Would you copy the lines below exactly and omit the images?

───── AVAILABLE DATA

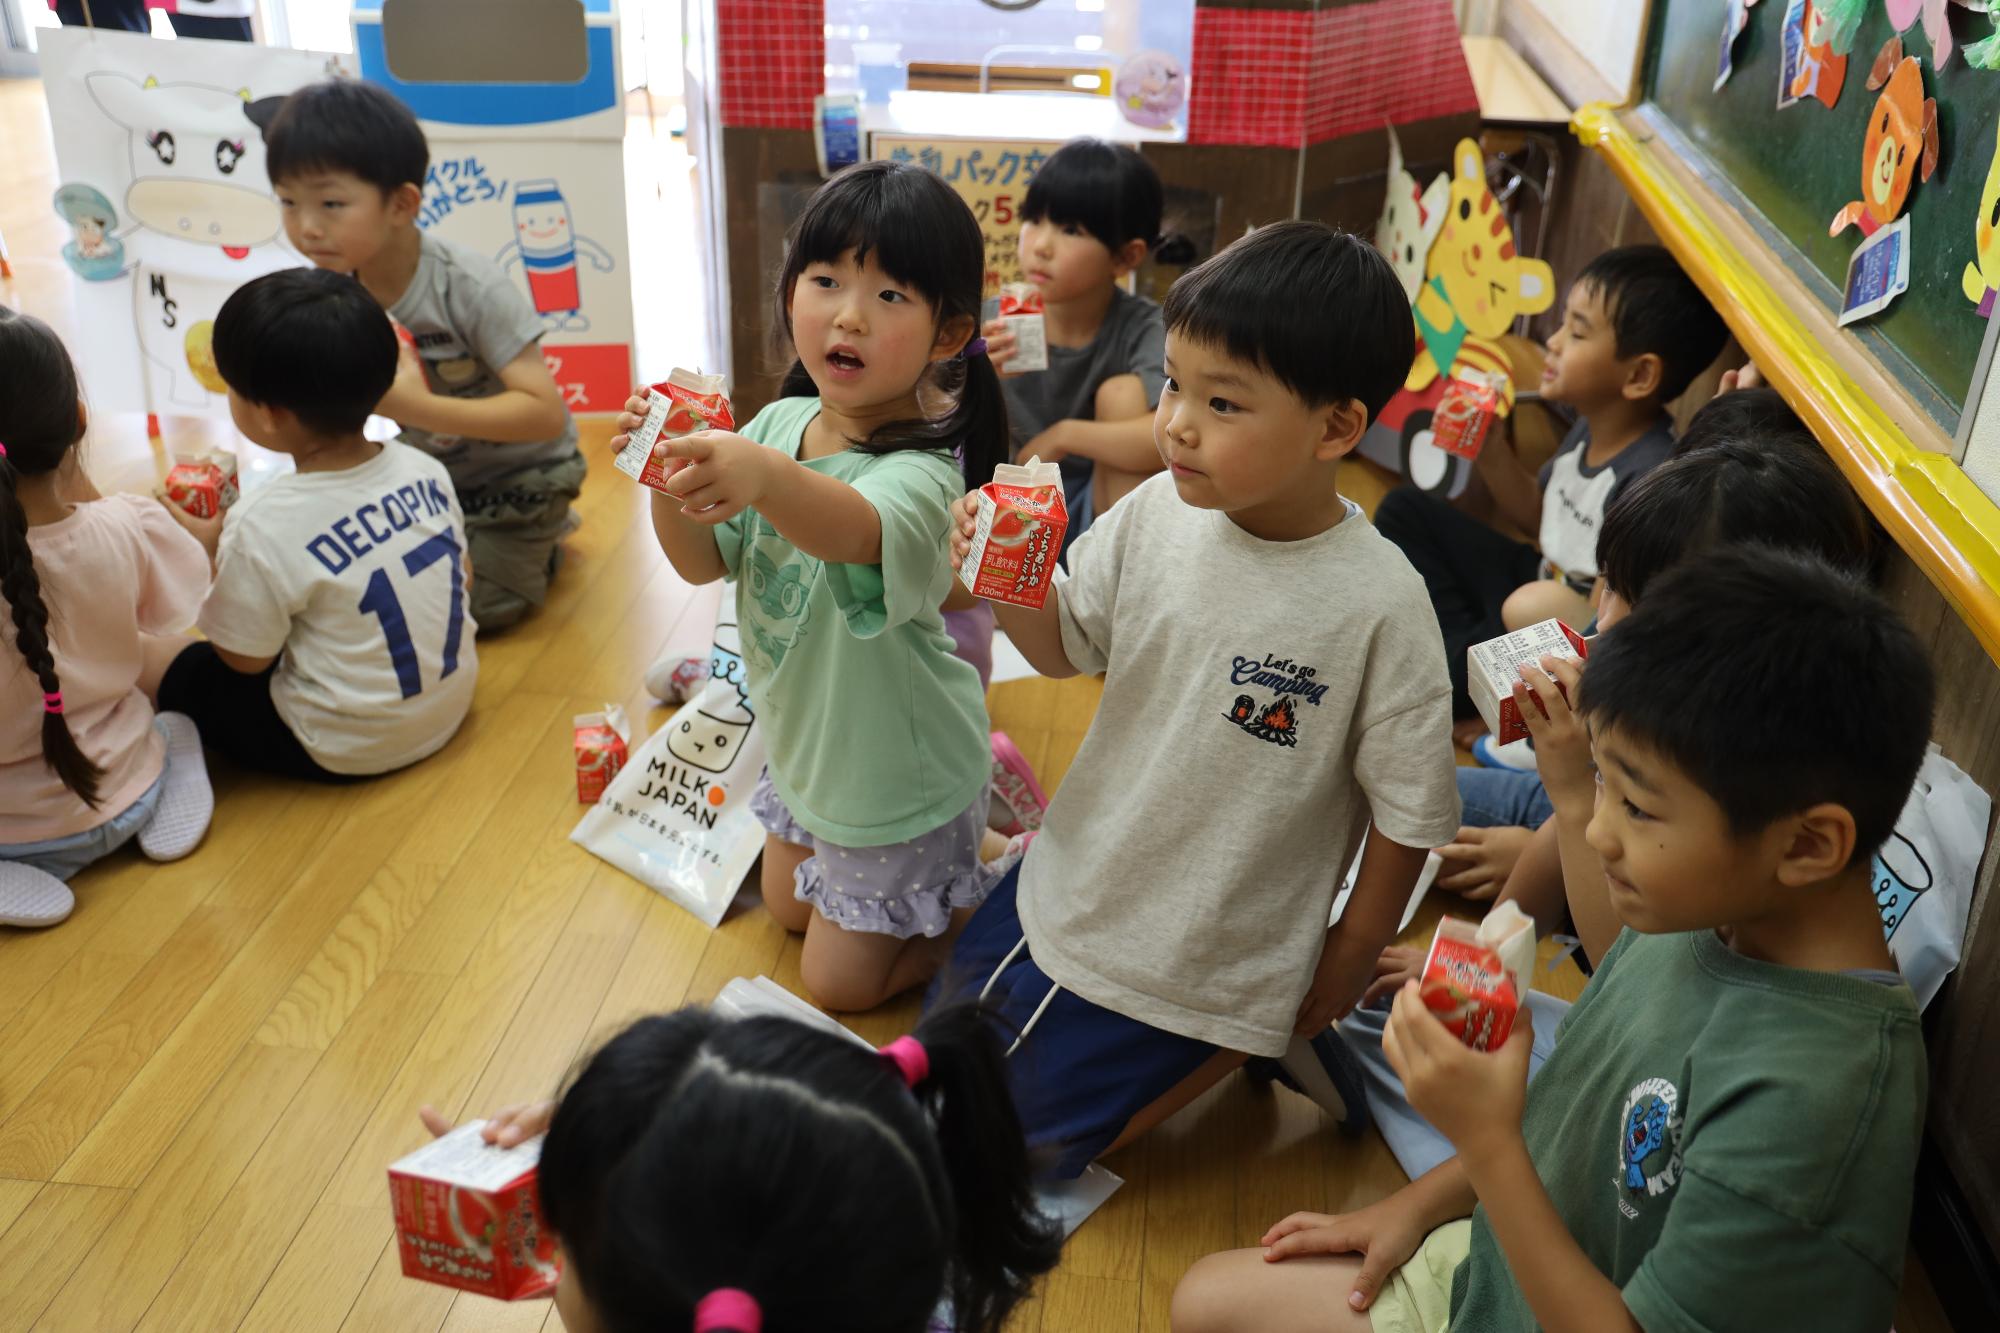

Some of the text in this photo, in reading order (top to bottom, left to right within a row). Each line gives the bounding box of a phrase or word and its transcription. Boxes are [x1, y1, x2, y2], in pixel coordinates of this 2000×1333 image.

[984, 552, 1020, 572] 乳飲料
[1013, 529, 1040, 594] いちごミルク
[1028, 525, 1053, 588] とちあいか
[358, 525, 464, 699] 17
[1230, 655, 1330, 706] Camping
[1262, 653, 1317, 680] Let's go
[647, 756, 710, 798] MILK
[638, 781, 718, 830] JAPAN
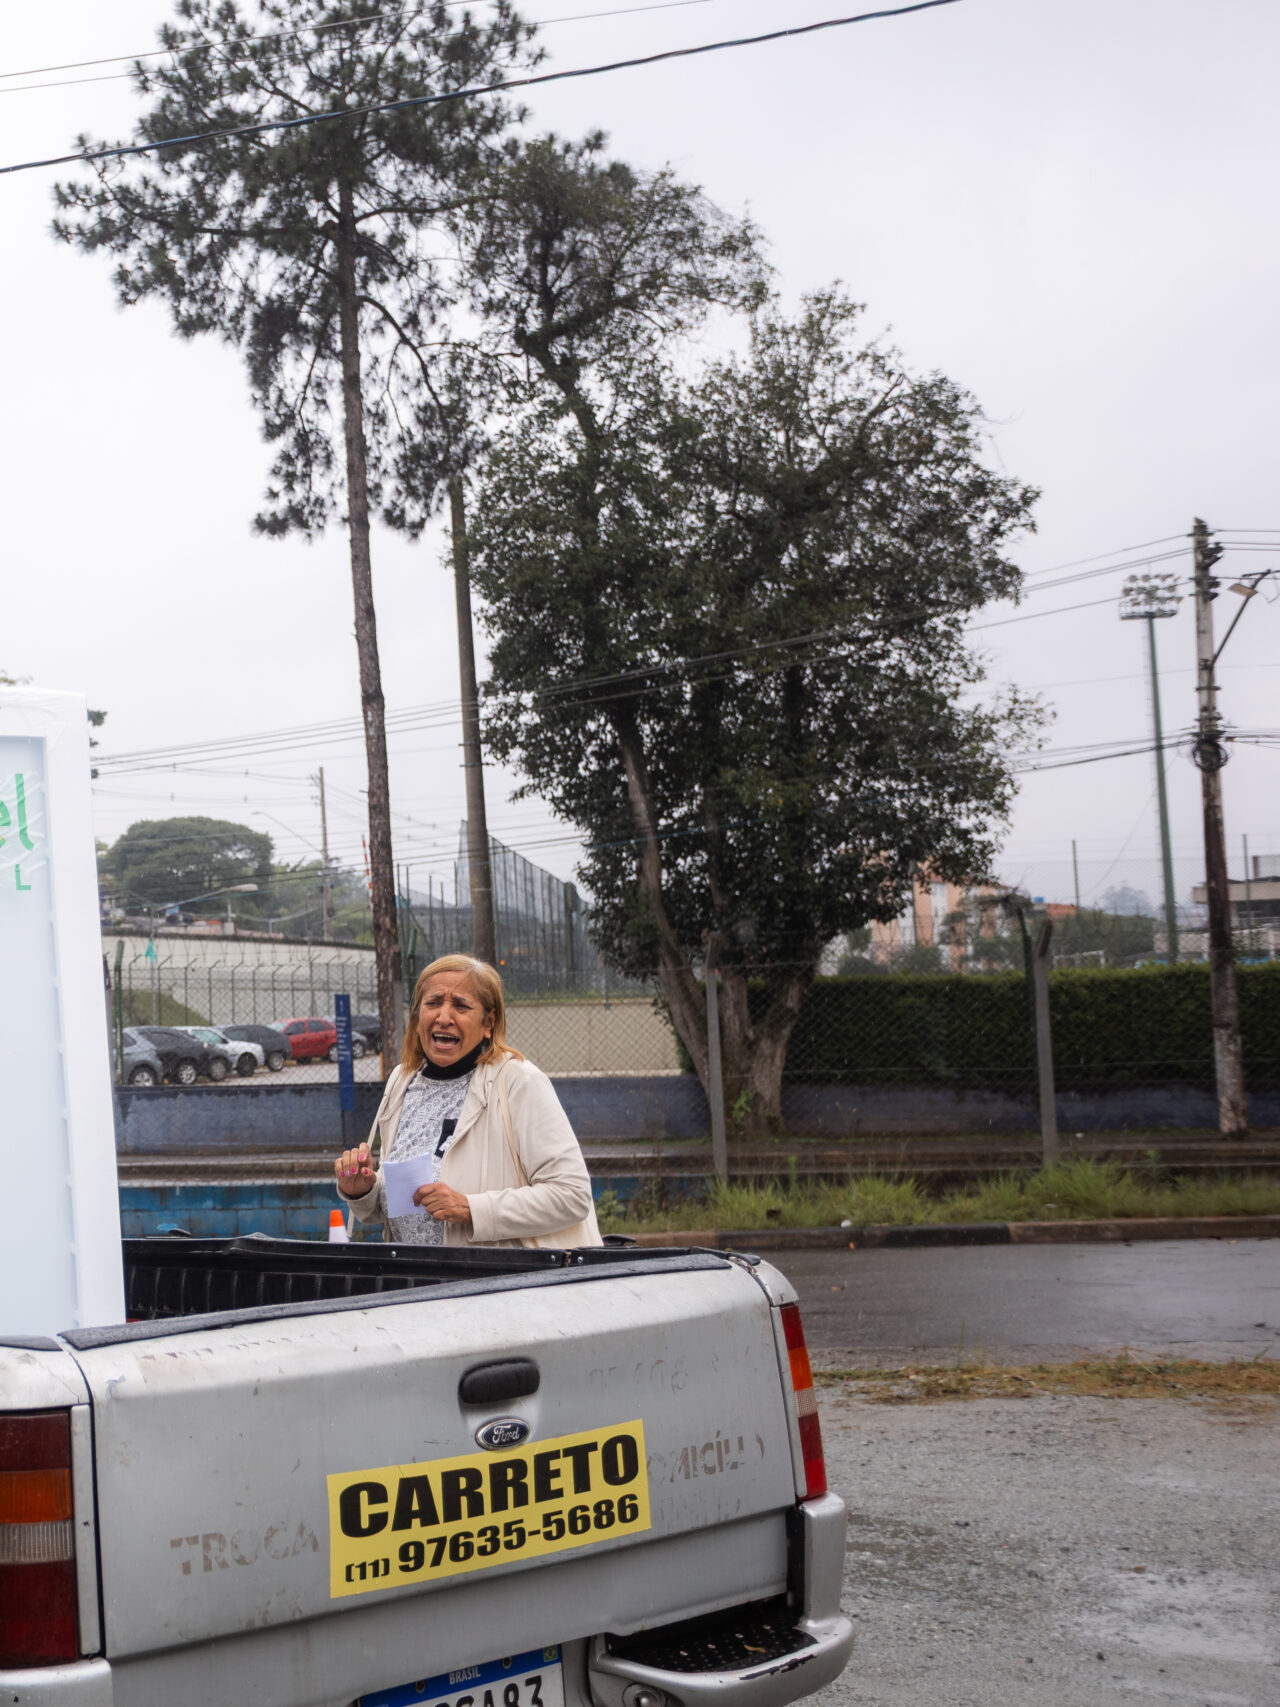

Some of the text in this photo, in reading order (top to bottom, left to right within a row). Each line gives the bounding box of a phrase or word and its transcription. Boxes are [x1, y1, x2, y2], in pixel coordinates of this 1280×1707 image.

[492, 1424, 520, 1444] Ford
[339, 1434, 639, 1538] CARRETO
[345, 1557, 390, 1582] (11)
[398, 1493, 639, 1572] 97635-5686
[449, 1667, 481, 1685] BRASIL

──────────

**OUTPUT OF THE TASK**
Some of the text in this photo, in reading order (top to bottom, left to right within a row). Each line gives the bounding box of a phrase or word and its transcription. Boxes are [x1, y1, x2, y2], in pixel coordinates of this 2000×1333 image.

[984, 552, 1020, 572] 乳飲料
[1013, 529, 1040, 594] いちごミルク
[1028, 525, 1053, 588] とちあいか
[358, 525, 464, 699] 17
[1230, 655, 1330, 706] Camping
[1262, 653, 1317, 680] Let's go
[647, 756, 710, 798] MILK
[638, 781, 718, 830] JAPAN

Some of the text in this photo, in reading order (top to bottom, left to right within a row). Each line gives the bounding box of a phrase or word and its transcription. Boxes are [x1, y1, x2, y2], in pixel coordinates of this 1280×1707 image.

[492, 1424, 520, 1444] Ford
[339, 1434, 639, 1538] CARRETO
[345, 1557, 390, 1582] (11)
[398, 1493, 639, 1572] 97635-5686
[449, 1667, 481, 1685] BRASIL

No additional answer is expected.